During the past few months, we have been experimenting with Pytorch to train and evaluate our models. Anyone in our team who has tried developing in Pytorch has said it was superior to the Tensorflow development process. Pytorch code is more Pythonic and so simple to write that we have managed to recreate one of our categorization pipelines in just two weeks, a work that took months to do in Tensorflow!
Given the reasoning above, the conclusion was to use Pytorch for model development, training, and evaluation, while Tensorflow in the production (Pytorch has also become production compatible as of v1.0, but we haven’t tested it yet). The only problem remaining was the bridge between the two libraries, and here we opted for the ONNX, a universal format for deep learning models. ONNX enabled us to convert the Pytorch model to a frozen Tensorflow graph compatible with Tensorflow Serving. The full conversion script is here:
"""
Exports a pytorch model to an ONNX format, and then converts from the
ONNX to a Tensorflow serving protobuf file.
Running example:
python3 pytorch_to_tf_serving.py \
--onnx-file text.onnx \
--meta-file text.meta \
--export-dir serving_model/
"""
import logging
import argparse
import tensorflow as tf
from tensorflow.python.saved_model import utils as smutils
from tensorflow.python.saved_model import signature_constants
from tensorflow.python.saved_model import signature_def_utils
from tensorflow.python.saved_model import tag_constants
from onnx_tf.backend import prepare
import onnx
import torch
import torchvision
log = logging.getLogger(__name__)
logging.basicConfig(level=logging.INFO)
def export_onnx(model, dummy_input, file, input_names, output_names,
num_inputs):
"""
Converts a Pytorch model to the ONNX format and saves the .onnx model file.

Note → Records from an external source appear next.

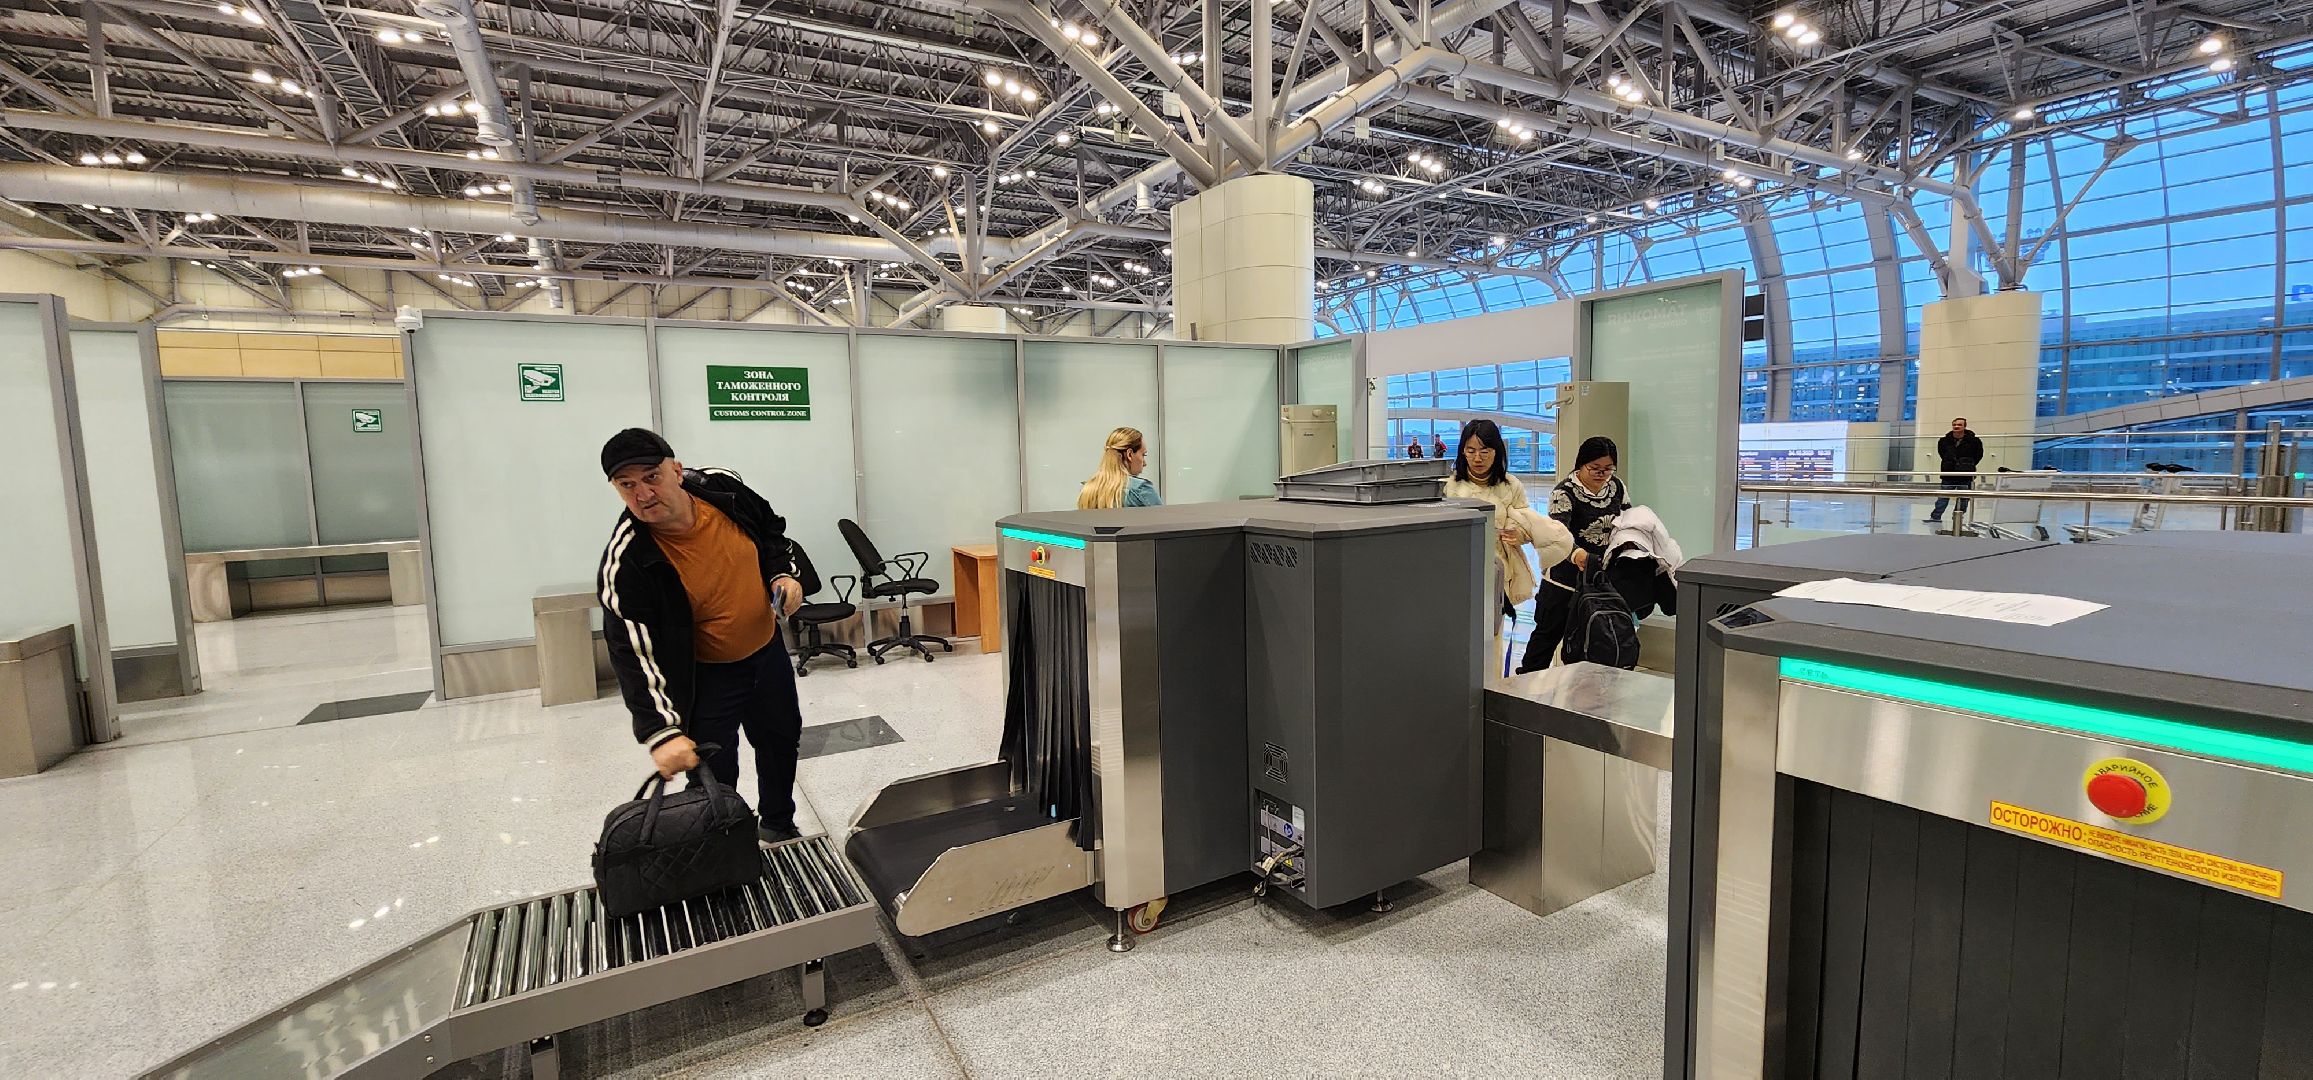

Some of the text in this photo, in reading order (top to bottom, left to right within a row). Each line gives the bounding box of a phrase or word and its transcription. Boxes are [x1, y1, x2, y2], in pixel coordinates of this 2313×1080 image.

[743, 370, 774, 379] ЗОНА
[716, 381, 802, 391] ТАМОЖЕННОГО
[731, 392, 790, 402] КОНТРОЛЯ
[2093, 764, 2159, 789] ВАРИЙНОЕ
[1993, 806, 2087, 843] ОСТОРОЖНО:
[2087, 837, 2138, 857] ОПАСНОСТЬ

The first dimension of the input nodes are of size N, where N is the
minibatch size. This dimensions is here replaced by an arbitrary string
which the ONNX -> TF library interprets as the '?' dimension in Tensorflow.

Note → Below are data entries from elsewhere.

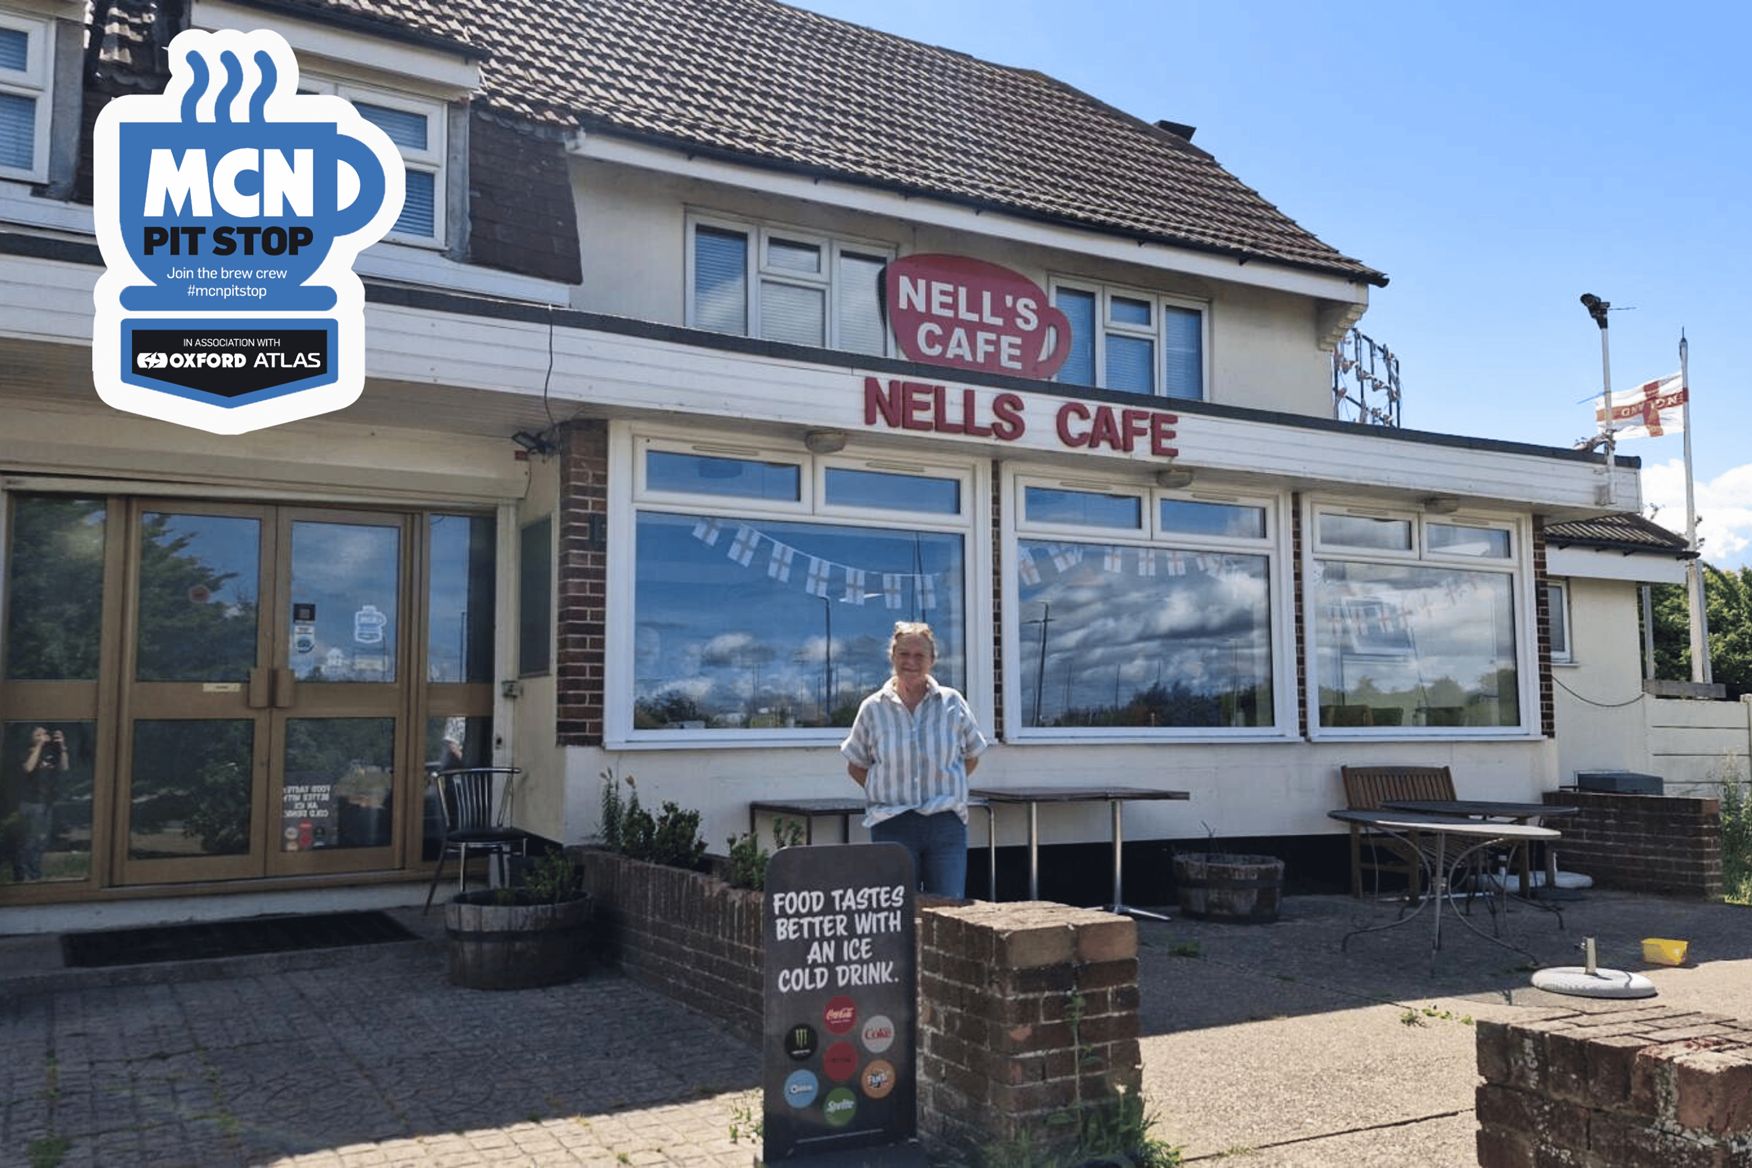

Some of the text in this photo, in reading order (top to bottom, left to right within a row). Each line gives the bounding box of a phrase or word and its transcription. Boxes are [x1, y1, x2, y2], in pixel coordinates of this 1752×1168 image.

[898, 275, 1039, 331] NELL'S
[916, 321, 1023, 370] CAFE
[864, 376, 1179, 457] NELLS CAFE
[773, 885, 905, 915] FOOD TASTES
[775, 910, 902, 941] BETTER WITH
[807, 938, 873, 964] AN ICE
[778, 961, 899, 993] COLD DRINK.

This process is applied because the input minibatch size should be of an
arbitrary size.
:param model: Pytorch model instance with loaded weights
:param dummy_input: tuple, dummy input numpy arrays that the model
accepts in the inference time. E.g. for the Text+Image model, the
tuple would be (np.float32 array of N x W x H x 3, np.int64 array of
N x VocabDim). Actual numpy arrays values don't matter, only the shape
and the type must match the model input shape and type. N represents
the minibatch size and can be any positive integer. True batch size
is later handled when exporting the model from the ONNX to TF format.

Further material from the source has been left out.